What you need to do >> Print the whole listing below exactly as given, pictures excluded.

Recorded information >>
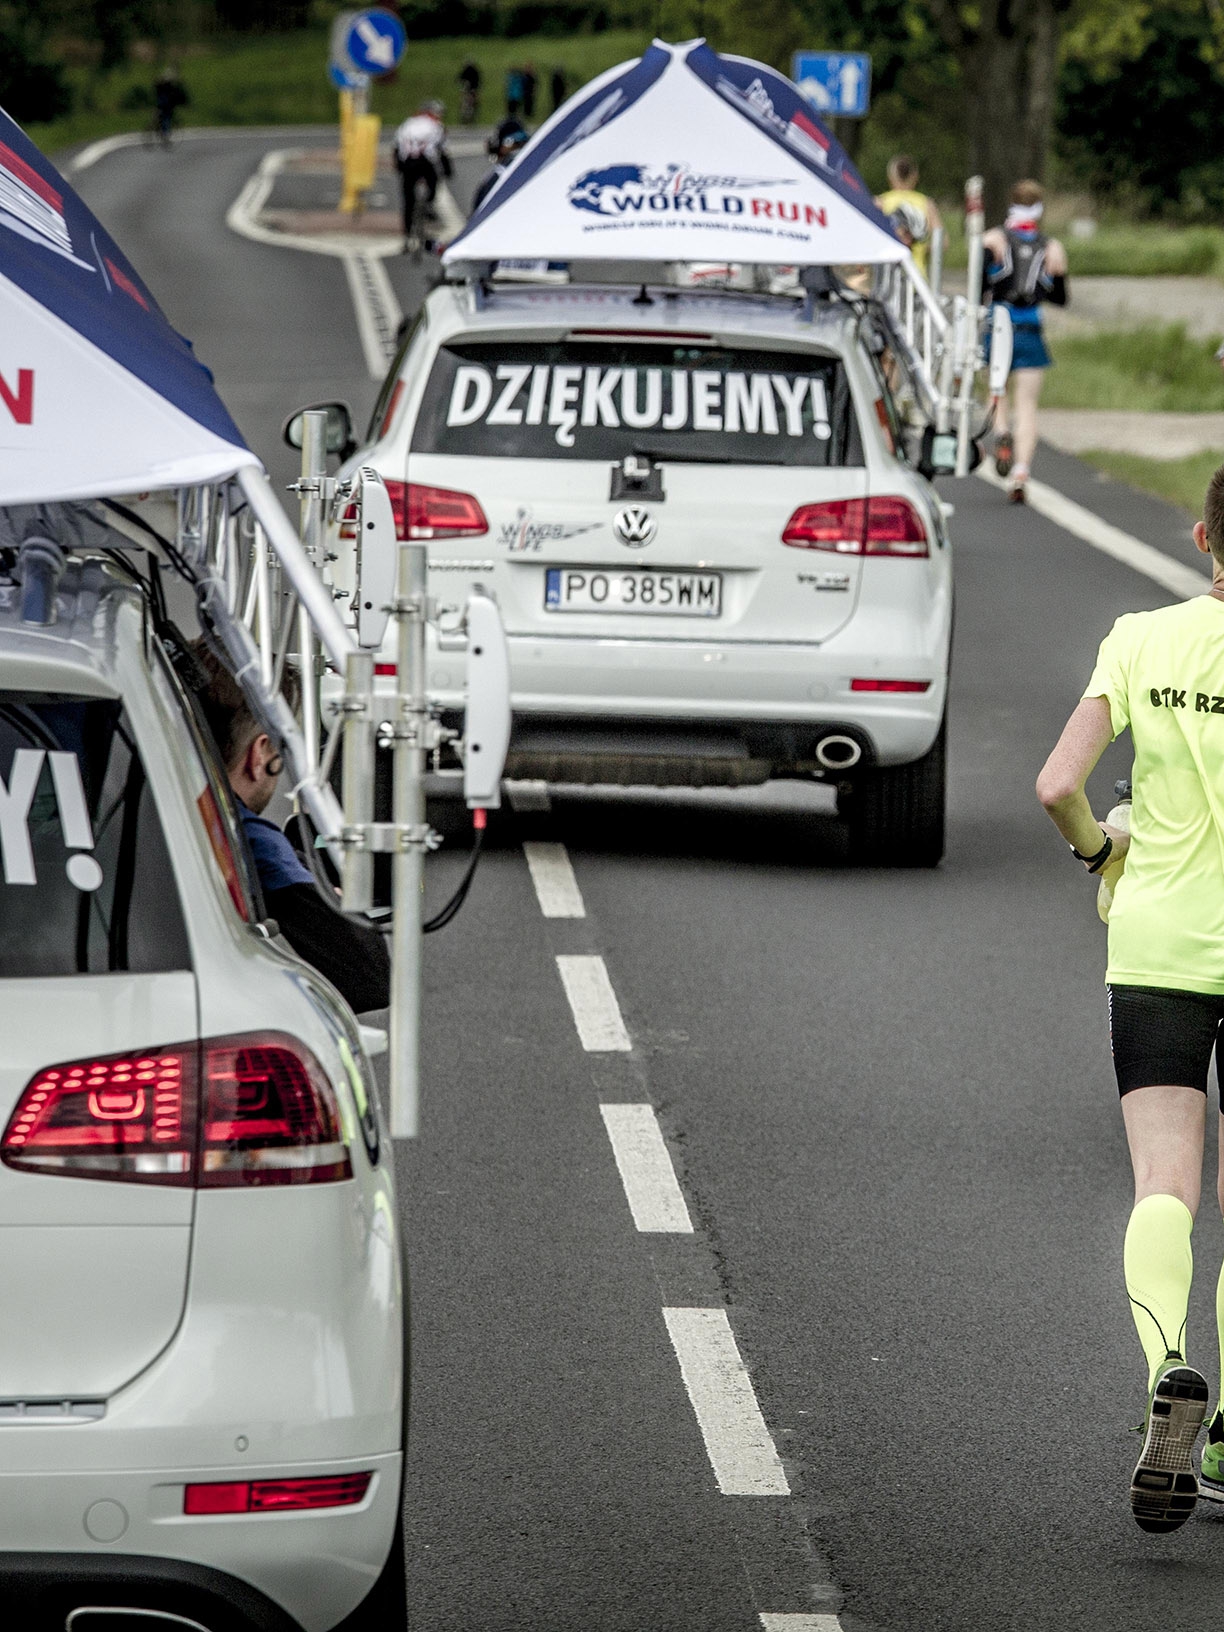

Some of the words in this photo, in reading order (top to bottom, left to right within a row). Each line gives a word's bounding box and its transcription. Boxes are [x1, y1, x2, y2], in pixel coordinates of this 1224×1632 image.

[612, 192, 744, 216] WORLD
[750, 197, 829, 227] RUN
[447, 364, 832, 447] DZIĘKUJEMY!
[566, 575, 609, 602] PO
[621, 575, 715, 606] 385WM
[1150, 687, 1187, 708] OTK

Written response >>
Some of the words in this photo, in reading order (top to bottom, left to right within a row). Each line gives a word's bounding box and its transcription. Boxes are [x1, y1, x2, y2], in pixel coordinates of this 1224×1632 image.

[612, 192, 744, 216] WORLD
[750, 197, 829, 227] RUN
[447, 364, 832, 447] DZIĘKUJEMY!
[566, 575, 609, 602] PO
[621, 575, 715, 606] 385WM
[1150, 687, 1187, 708] OTK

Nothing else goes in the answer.